Problem:
Give each line of the records again exactly and omit every picture.

[Image-backed grounding data]
————————

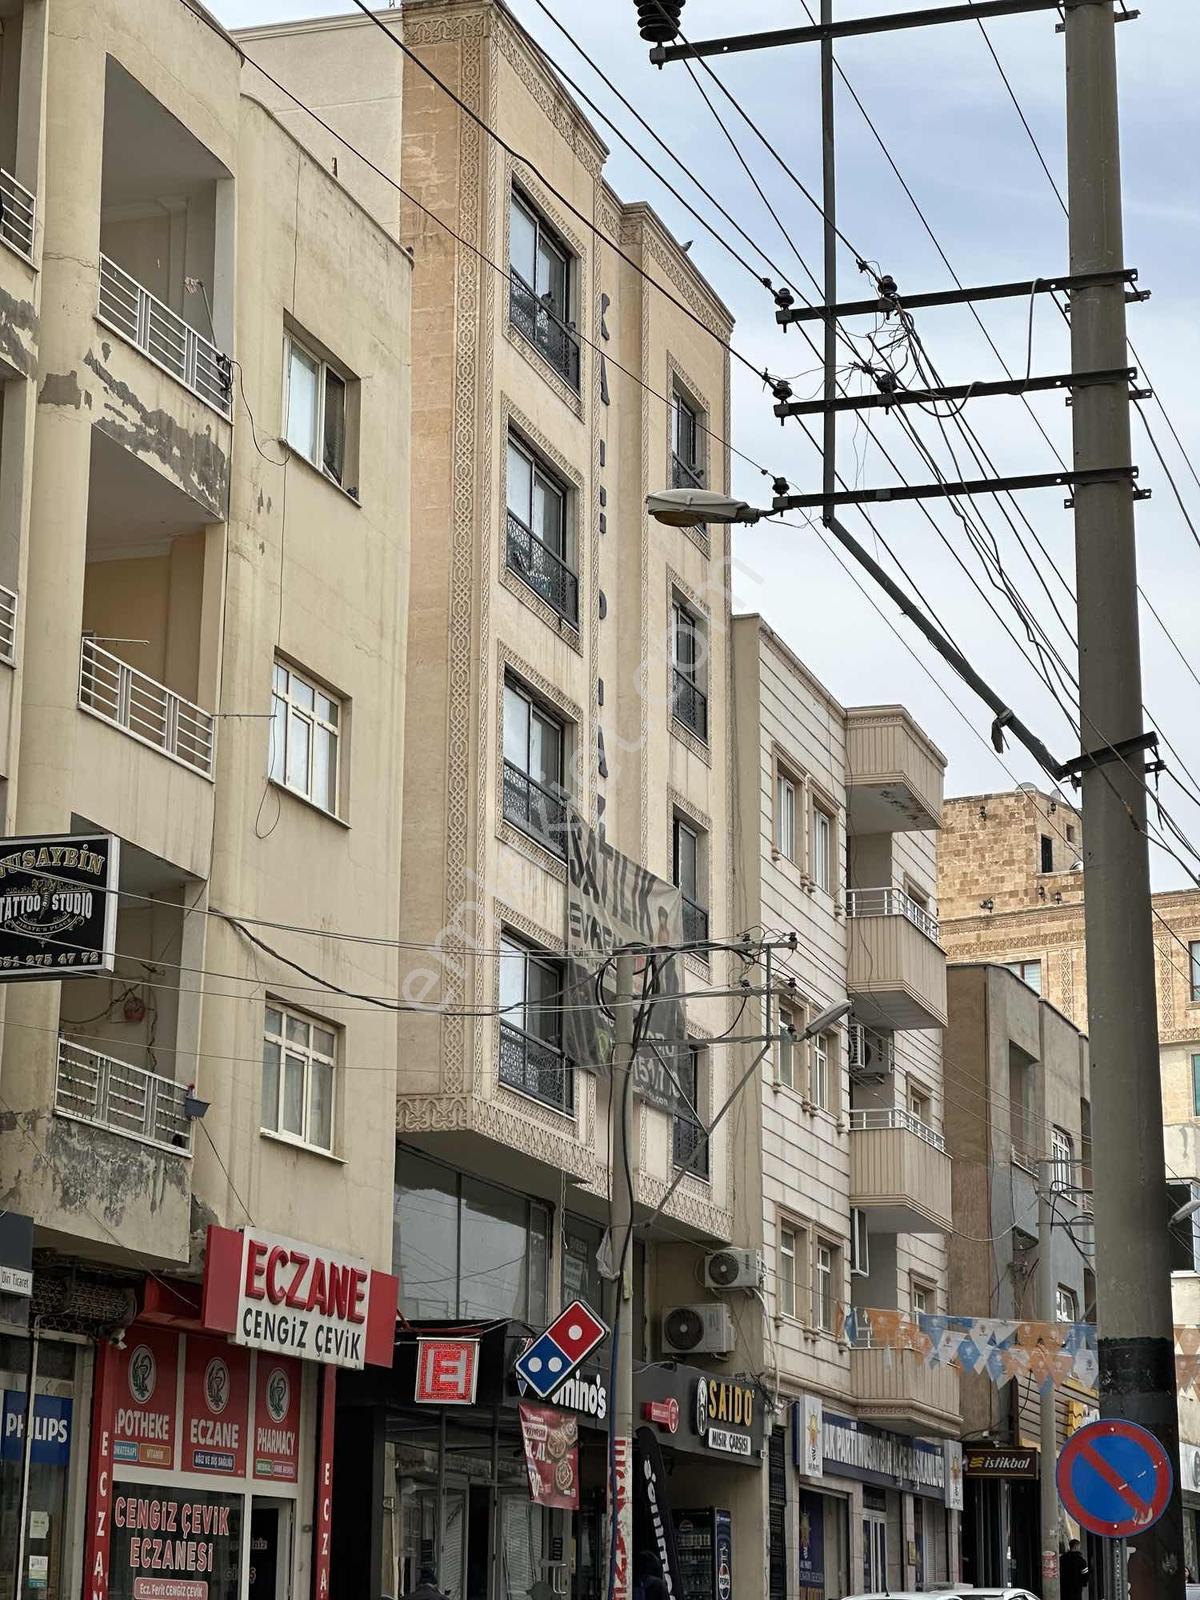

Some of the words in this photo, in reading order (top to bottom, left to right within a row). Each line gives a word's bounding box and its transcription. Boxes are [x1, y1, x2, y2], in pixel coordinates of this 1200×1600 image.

[0, 843, 105, 878] USAYBİN
[568, 812, 657, 943] SATILIK
[51, 892, 93, 919] STUDIO
[57, 952, 76, 965] 47
[81, 951, 99, 963] 72
[244, 1239, 367, 1325] ECZANE
[242, 1307, 309, 1349] CENGİZ
[315, 1324, 361, 1361] ÇEVİK
[552, 1369, 607, 1419] mino's
[115, 1408, 170, 1440] POTHEKE
[190, 1419, 240, 1449] ECZANE
[256, 1427, 296, 1456] PHARMACY
[984, 1457, 1031, 1468] istikbal
[114, 1496, 178, 1532] CENGİZ
[181, 1503, 230, 1539] ÇEVİK
[320, 1462, 331, 1600] ECZA
[129, 1536, 213, 1572] ECZANESİ

————————

Written solution:
Some of the words in this photo, in reading order (top to bottom, left to right within a row). Each line gives a word's bounding box and its transcription. Boxes are [x1, y1, x2, y2], in pixel coordinates of this 1200×1600 image.

[0, 843, 105, 878] USAYBİN
[568, 812, 657, 943] SATILIK
[51, 892, 93, 919] STUDIO
[57, 952, 76, 965] 47
[81, 951, 99, 963] 72
[244, 1239, 367, 1325] ECZANE
[242, 1307, 309, 1349] CENGİZ
[315, 1324, 361, 1361] ÇEVİK
[552, 1369, 607, 1419] mino's
[115, 1408, 170, 1440] POTHEKE
[190, 1419, 240, 1449] ECZANE
[256, 1427, 296, 1456] PHARMACY
[984, 1457, 1031, 1468] istikbal
[114, 1496, 178, 1532] CENGİZ
[181, 1503, 230, 1539] ÇEVİK
[320, 1462, 331, 1600] ECZA
[129, 1536, 213, 1572] ECZANESİ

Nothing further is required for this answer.